Интересно, что и Дракула и Лайм появляются преимущественно, но не только, в ночи. Оба героя требуют покрова темноты, хотя и по разным причинам. Сила Дракулы достигает пика ночью: "Его сила кончалась, как и все подобные проявления зла, с приходом дня" (Stoker, 244). Однако, в отличие от графа Орлока Мурнау, Дракула Стокера отнюдь не испаряется с первыми лучами утренней зари. Фактически, Дракула более чем один раз, появляется в новелле днем. Например, после его возвращения в Лондон, Харкер во время прогулки со своей женой видит Дракулу при свете дня около Гайд-парка (183). В другой раз, когда Харкер, Д-р Сьюард, Д-р Ван Хельсинг и другие враги графа дожидаются его в его доме на Пикадилли, Дракула опять появляется днем. Тем не менее, Дракула остается более всего жутким в ночи, в то время, когда его силы, например, такие, как его способность изменять облик, достигают своего зенита.

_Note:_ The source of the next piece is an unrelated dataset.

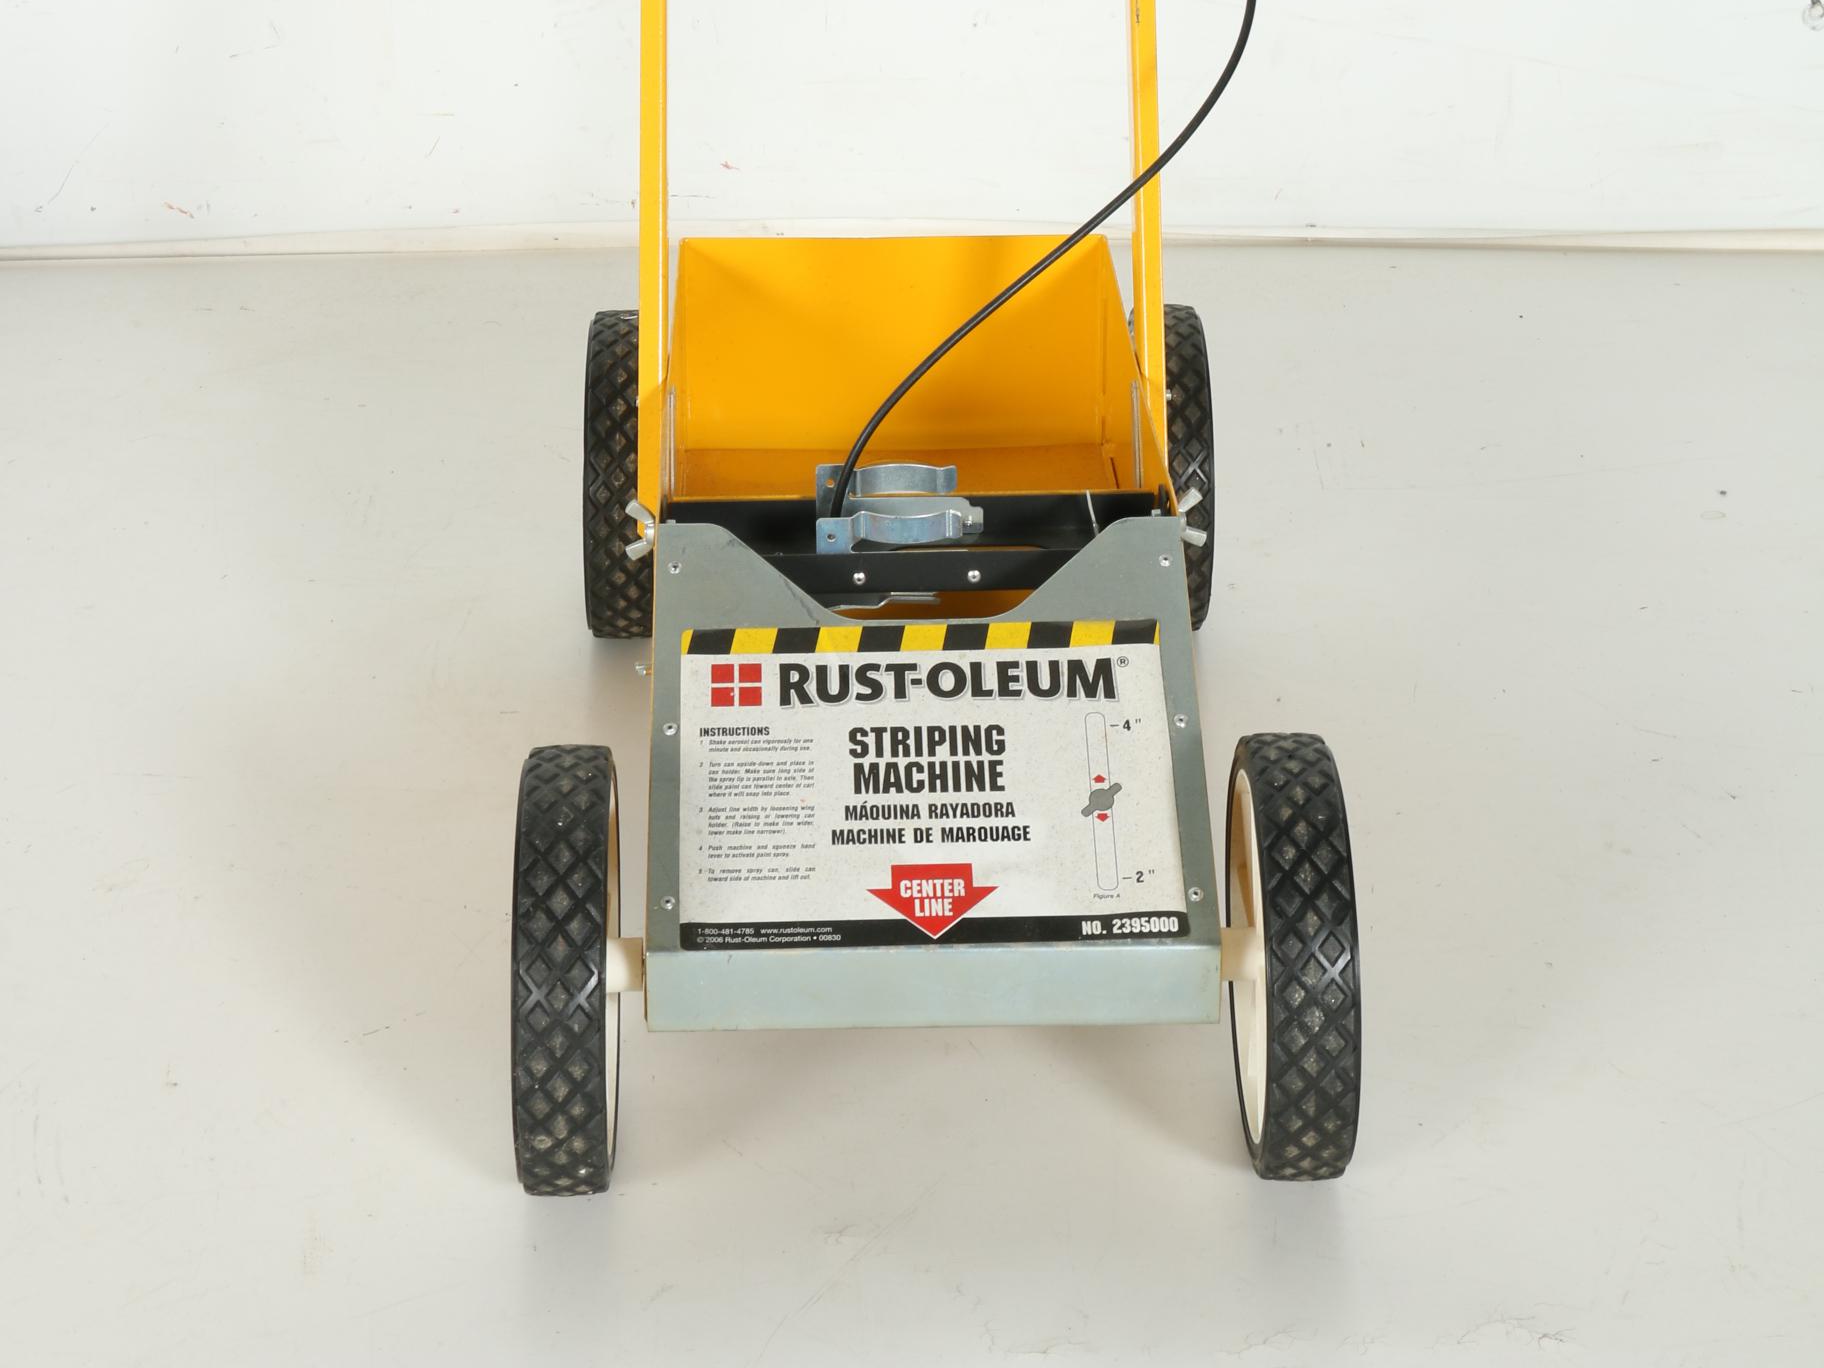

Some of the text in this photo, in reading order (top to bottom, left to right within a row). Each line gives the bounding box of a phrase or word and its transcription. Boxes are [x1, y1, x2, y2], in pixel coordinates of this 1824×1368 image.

Лайм использует темноту ,чтобы с помощью нее скрыть свои передвижения за пределы второго Безирка, российского сектора Вены, единственного сектора, где он не разыскивается. [7] В этом смысле сила Лайма также достигает своей вершины ночью, поскольку для него, как и Дракулы, велика опасность быть схваченным именно пока светит солнце. Образно говоря, Лайм страдает по причине подобной же преграды, что и вампир. Действительно, в первой сцене, где он появляется при дневном свете, Лайм, разговаривая с Мартинсом, пока они едут по Пратер Вил, расположенном в российском секторе, замечает: "Мне нужно быть очень осторожным". Это "быть осторожным" означает двигаться по другим секторам оккупированной Вены только тогда, когда условия более благоприятны для маскировки.

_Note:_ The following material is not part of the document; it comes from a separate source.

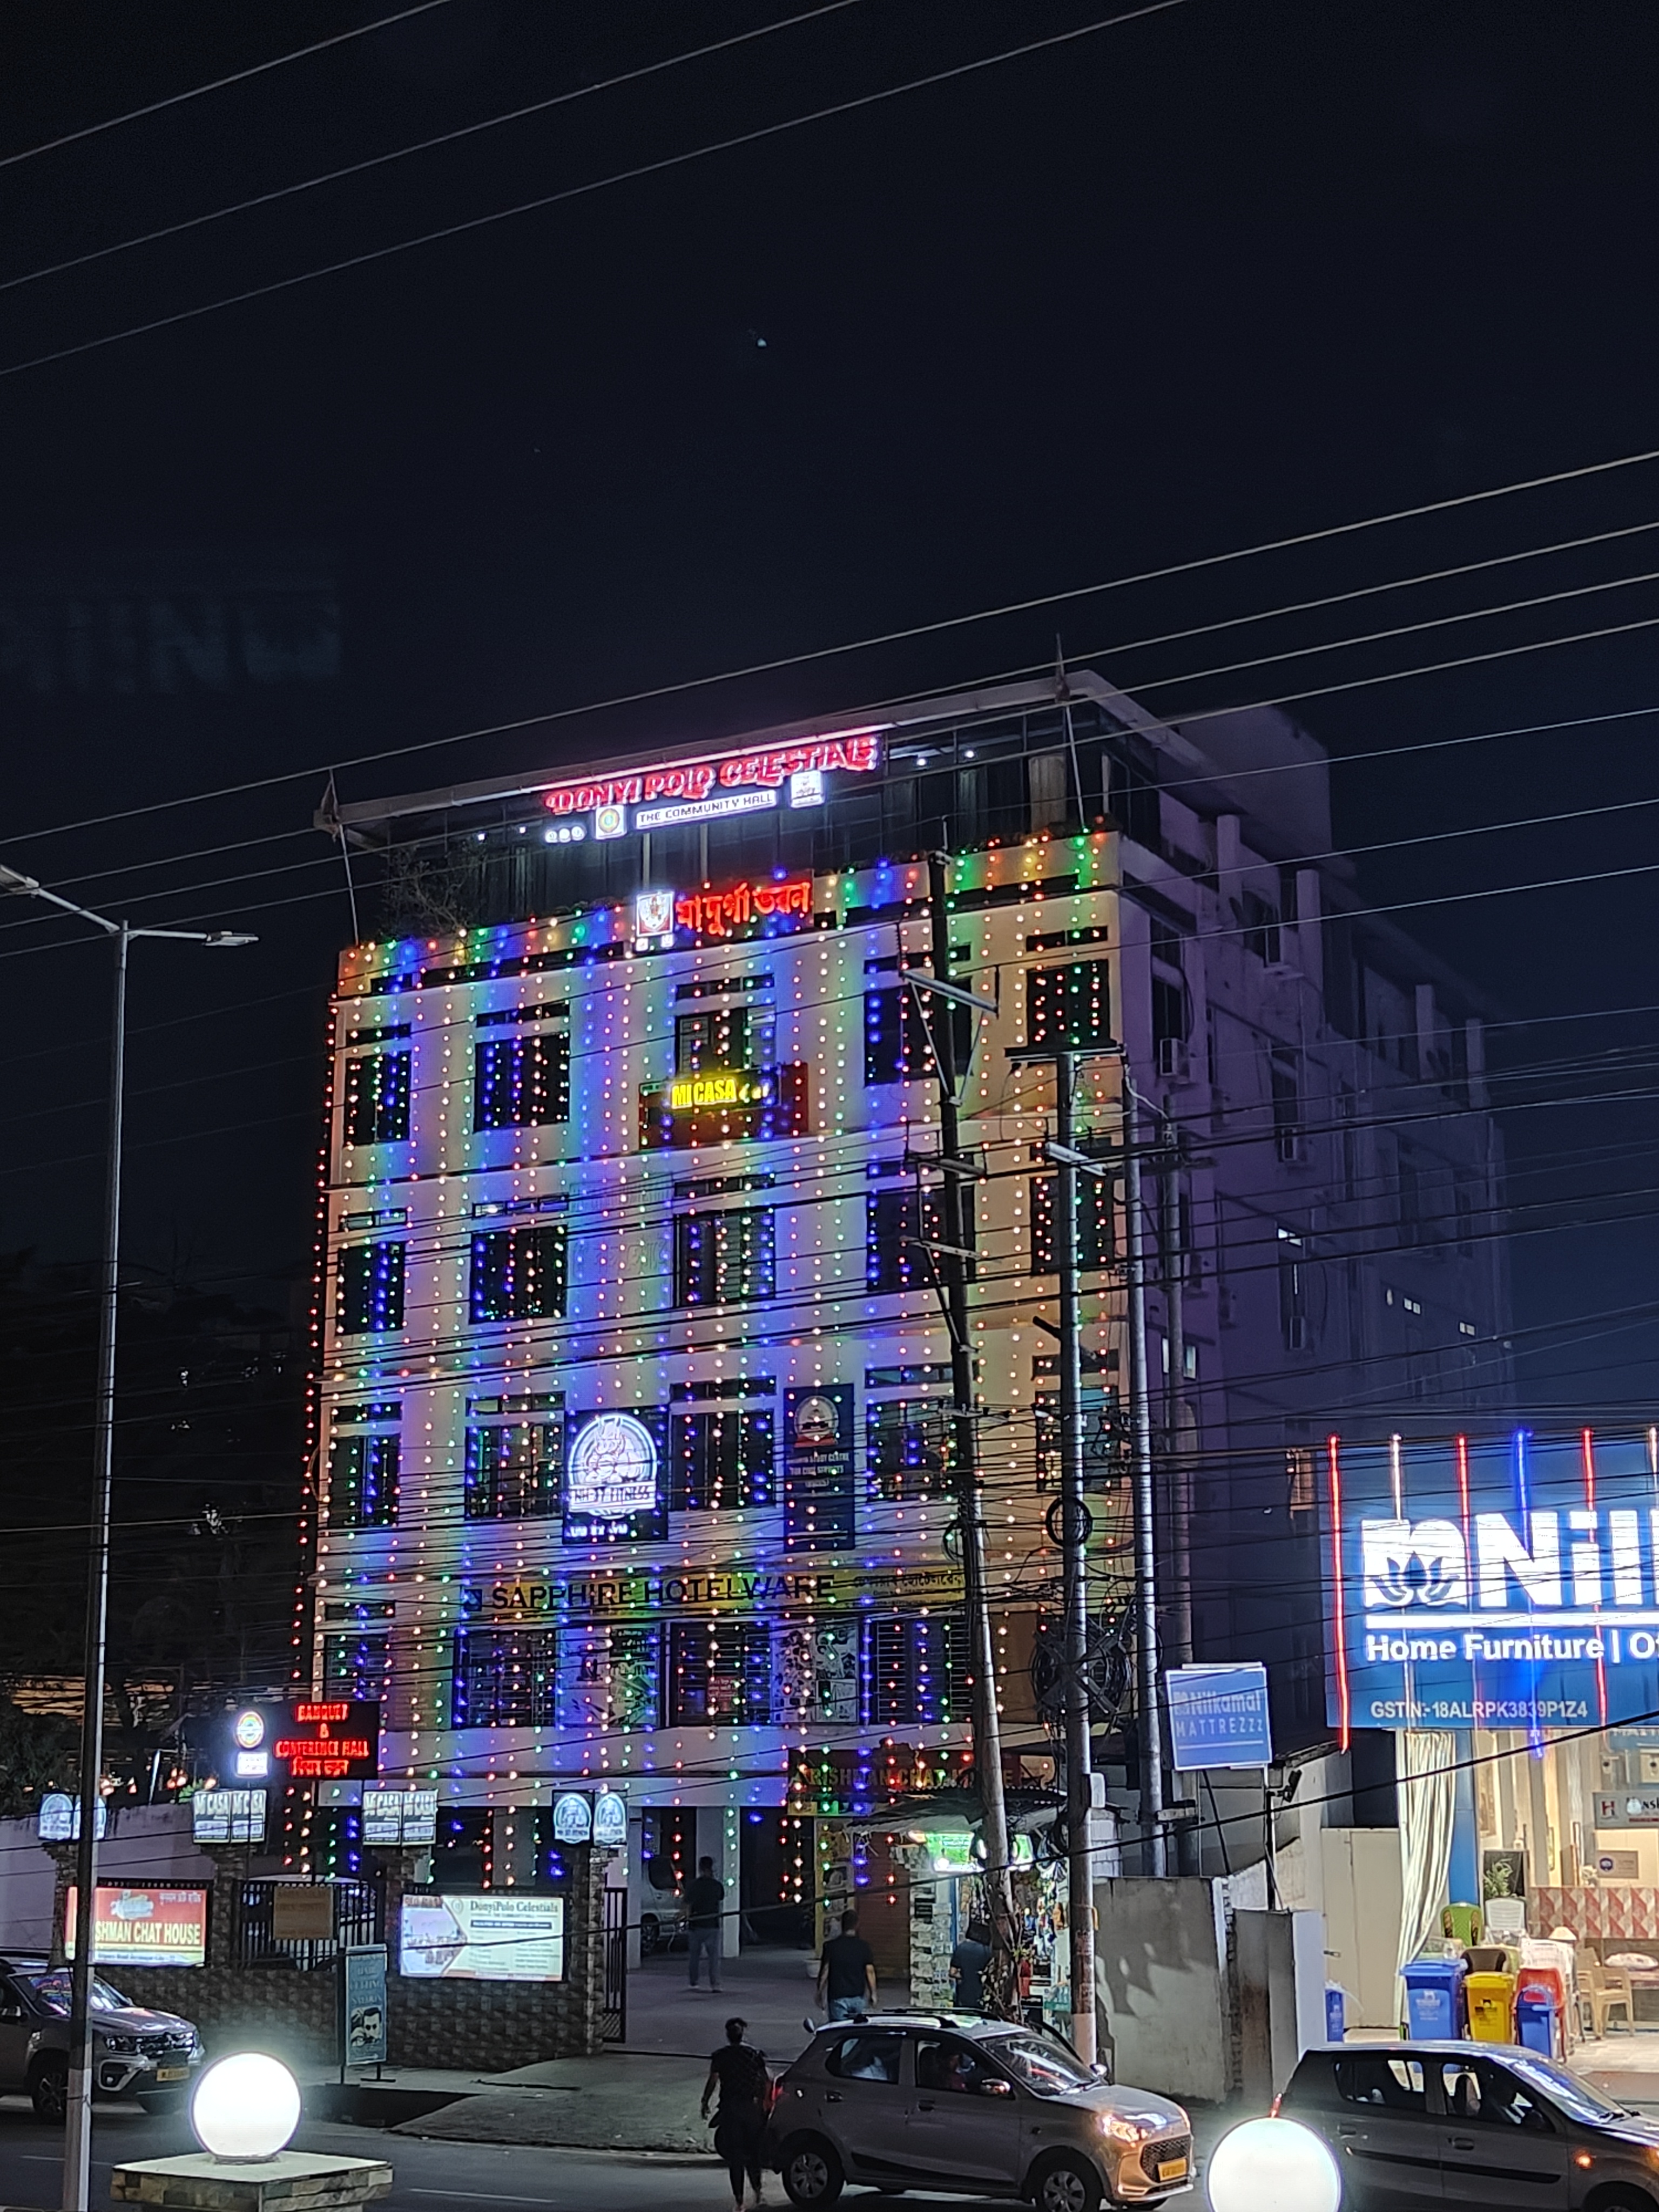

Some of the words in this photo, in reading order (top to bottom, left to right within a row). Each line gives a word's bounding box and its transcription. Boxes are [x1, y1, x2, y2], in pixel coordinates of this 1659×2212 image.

Однако даже более интересное сходство состоит в детских чертах обоих главных героев. Например, в "Дракуле", сразу перед выше представленной сценой на Пикадилли, Д-р Ван Хельсинг анализирует умственные способности Дракулы: "Относительно некоторых способностей ума он был, и есть, всего лишь ребенок; но он растет, и некоторые вещи, которые изначально были детскими, теперь принадлежат взрослому" (300). Критик Дэнис Фостер заходит так далеко, что называет Дракулу "Питером Пэном воскресших из мертвых, одним из потерянных мальчишек" (490). [8] Дело здесь в том, что Дракула обладает почти парадоксальным набором качеств. Другими словами, его "питерпэновский" взгляд на смерть помещен рядом с ужасом того метода, который он использует для того, чтобы обмануть смерть: "Дракула никогда не жалуется на то, что он вампир, на то, что живет вечно и питается свежей женщиной каждую ночь [...])" (Foster, 490).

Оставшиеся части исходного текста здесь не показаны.